Más que 42,195 kilómetros
Señor director:
Estamos a días de presenciar como Santiago cierra sus calles por un día para recibir a miles de corredores que buscan cruzar la meta. Tengo 20 años y este domingo, por primera vez voy a correr al lado de 8.000 personas que buscan lograr terminar los 42,195 km de maratón.
Pero, a pesar de que ese día todos estemos corriendo por las mismas calles y la misma distancia, el camino para esos kilómetros se ve distintos para cada corredor. Preparar una maratón no solo implica disciplina y esfuerzo, sino también enfrentarse a la gran desigualdad de condiciones en las que se entrena. Contar con espacios públicos seguros, iluminados o en buen estado para correr es un privilegio.

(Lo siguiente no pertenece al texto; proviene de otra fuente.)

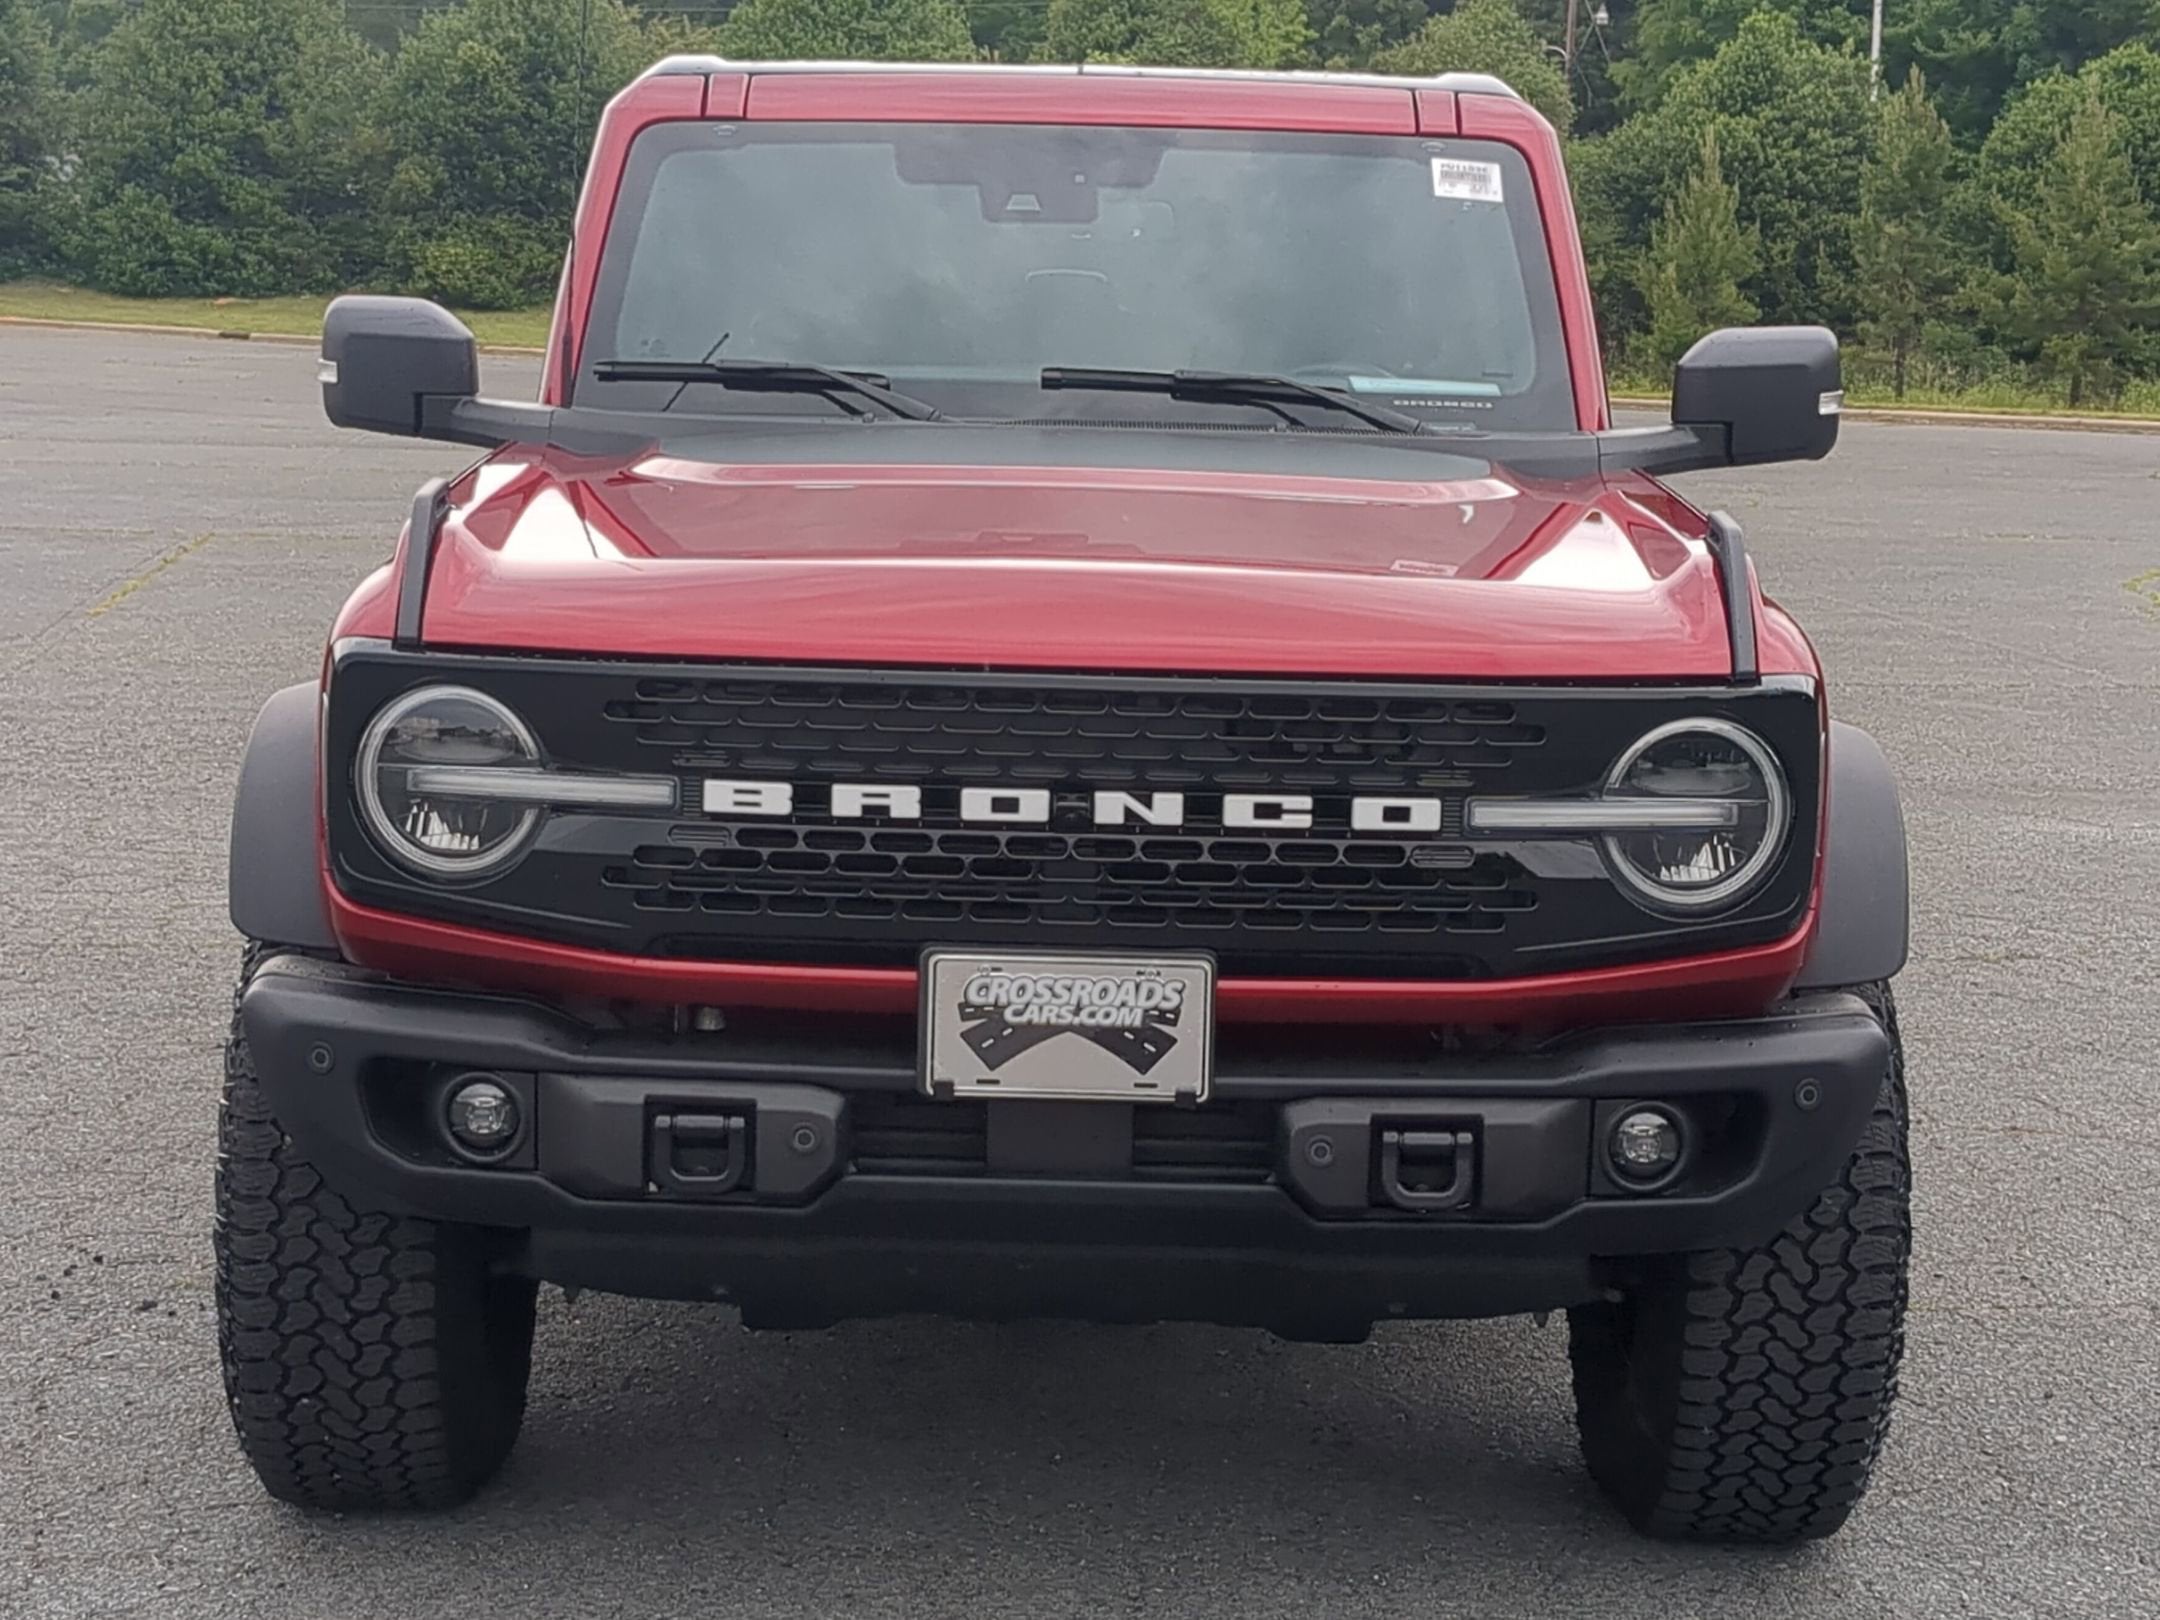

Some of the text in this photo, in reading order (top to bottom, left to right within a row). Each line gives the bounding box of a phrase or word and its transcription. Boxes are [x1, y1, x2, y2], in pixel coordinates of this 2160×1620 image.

[703, 778, 1441, 832] BRONCO
[965, 974, 1185, 1010] CROSSROADS
[1003, 1004, 1143, 1027] CARS.COM

Para muchos, como en mi caso, entrenar implica salir de madrugada porque durante el día tienen que estudiar o trabajar, haciendo un gran esfuerzo para compatibilizar ambas cosas. A esto se suma que no todos pueden costear lo que implica participar en una maratón, desde los costos de inscripción hasta el equipamiento necesario.

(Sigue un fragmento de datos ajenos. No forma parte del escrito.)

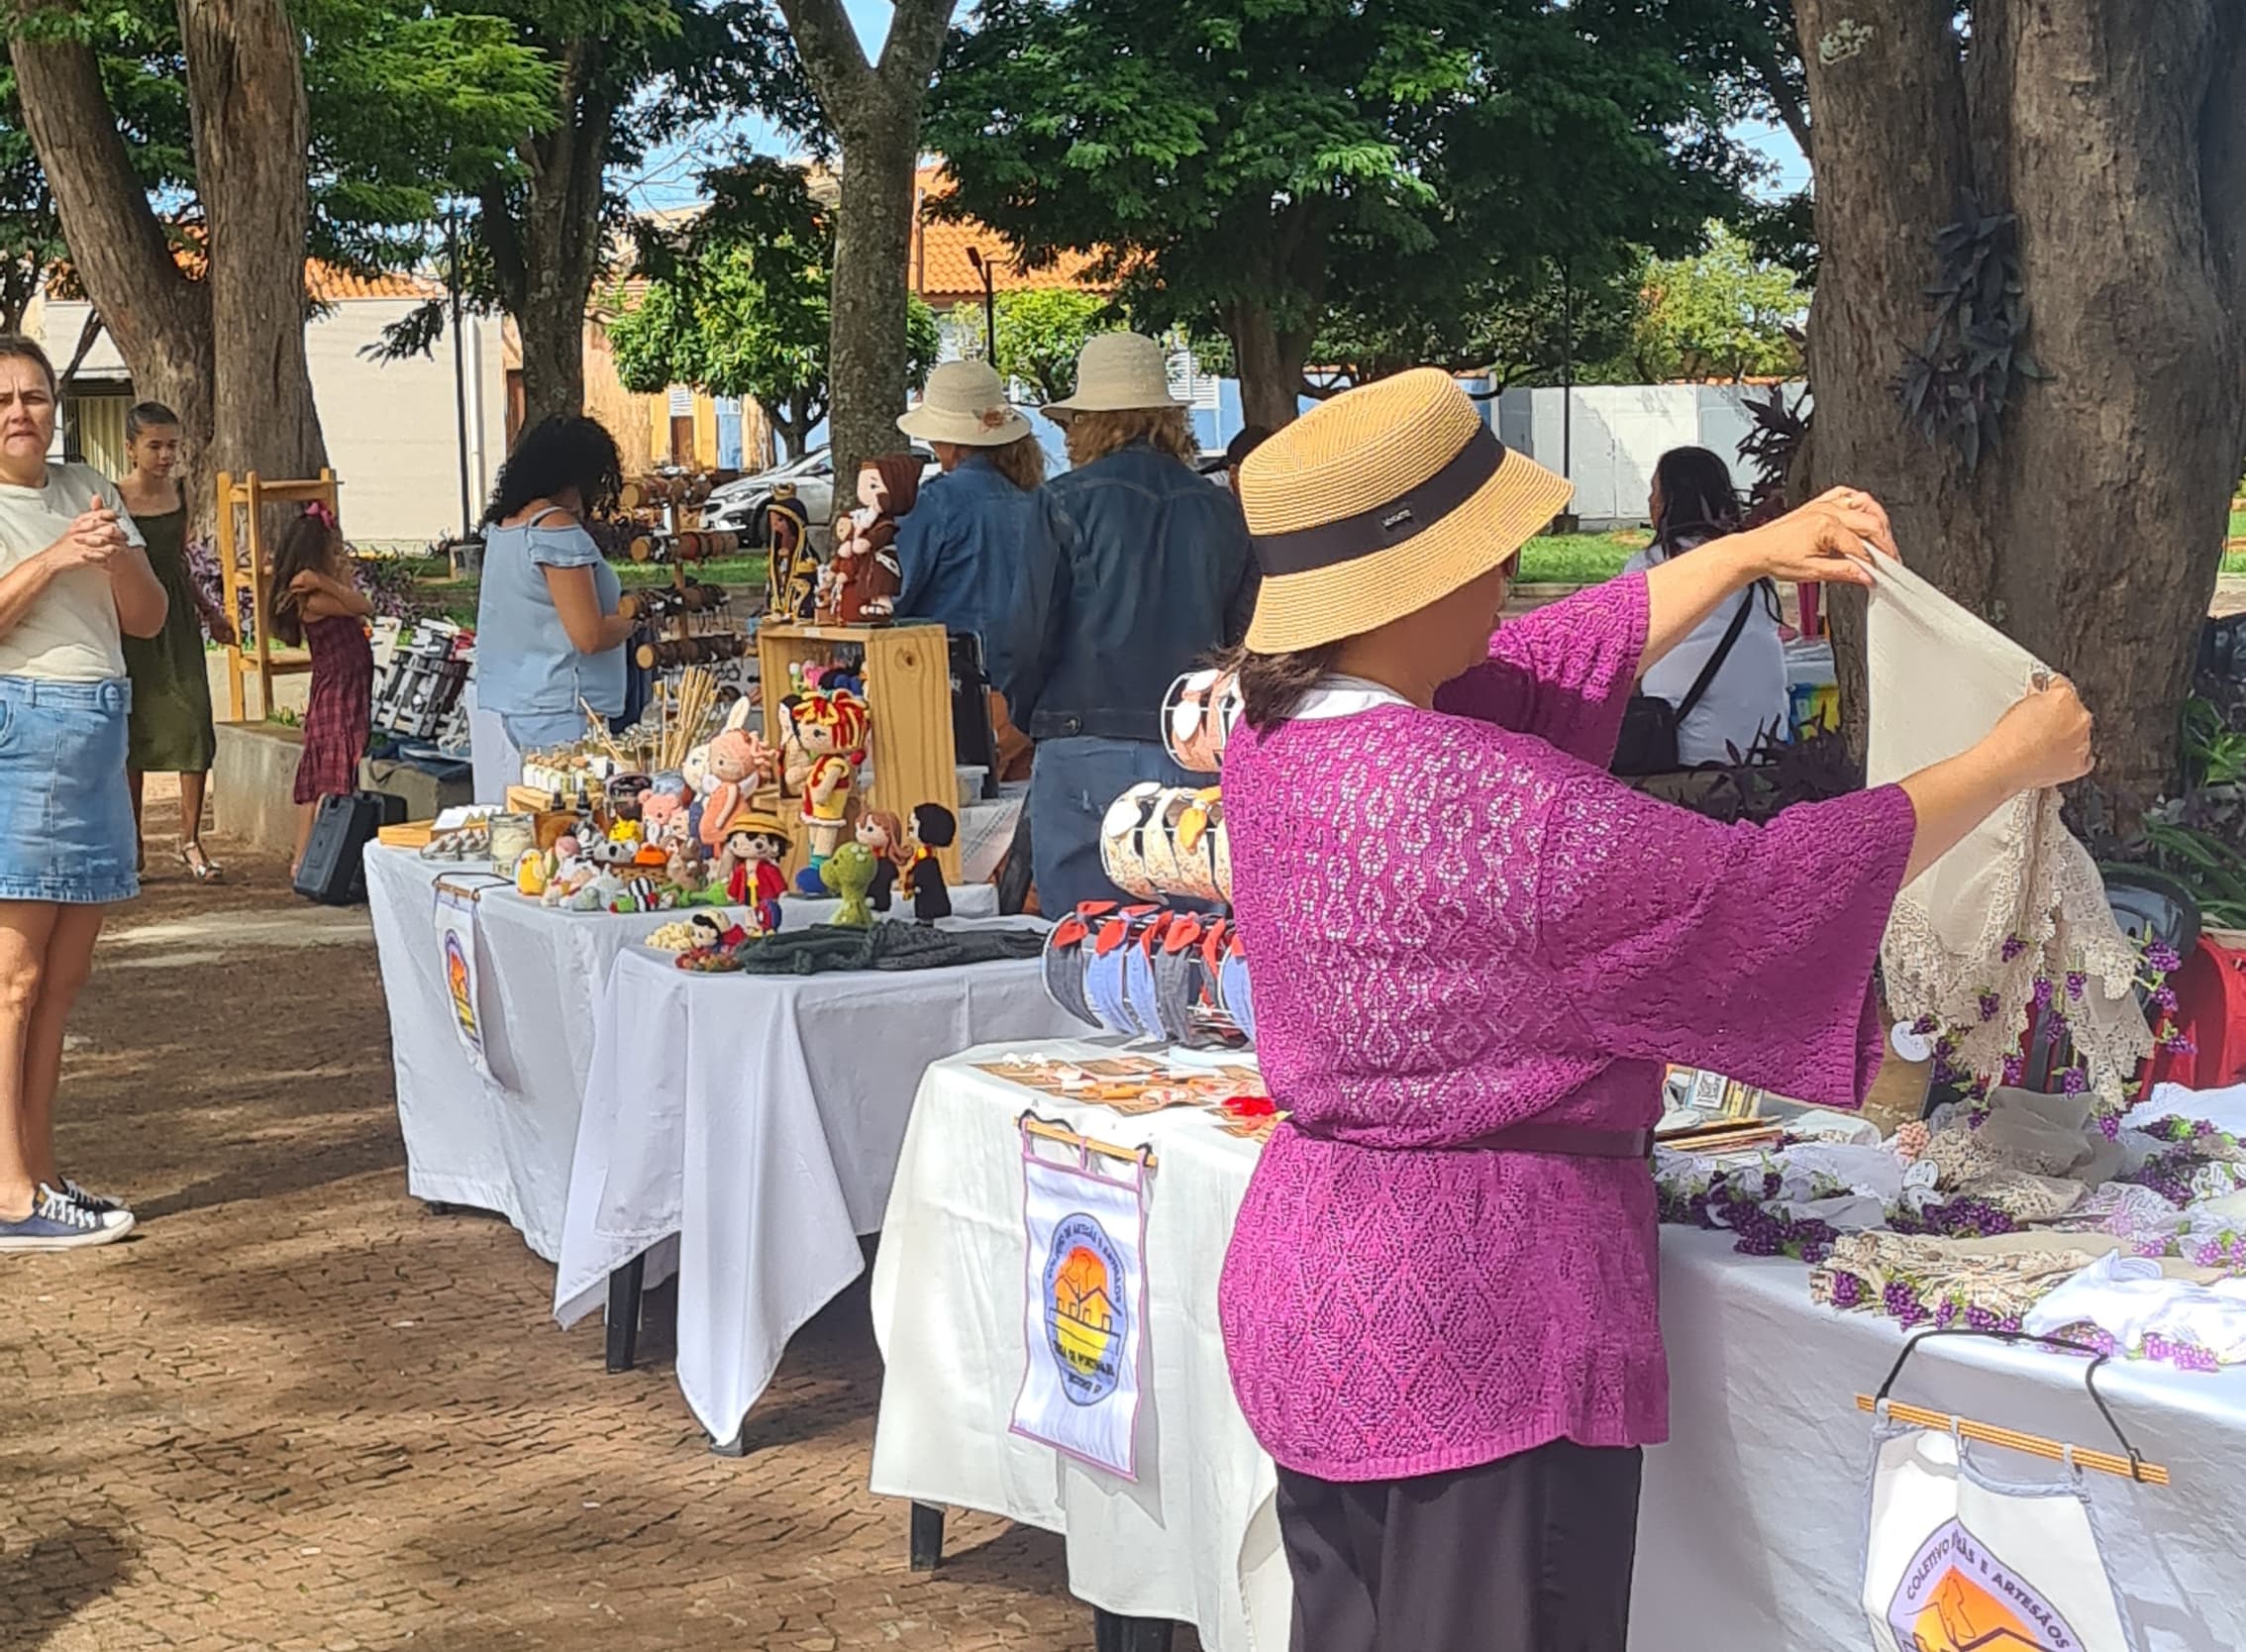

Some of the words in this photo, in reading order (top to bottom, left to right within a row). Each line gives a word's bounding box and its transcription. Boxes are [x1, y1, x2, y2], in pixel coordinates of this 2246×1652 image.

[1906, 1538, 1950, 1600] COLETIVO
[1980, 1558, 1989, 1575] E
[1991, 1572, 2071, 1649] ARTESÃOS

De esta manera, un deporte que aparenta ser tan simple como correr, está marcado por desigualdades materiales y urbanas. ¿Realmente podemos decir que la meta es la misma cuando el punto de partida es tan distinto?
Correr es un acto político: es una práctica que une a las personas, construye comunidades y moldea la cultura, pero al mismo tiempo expone aquello que aún no ha sido plenamente democratizado.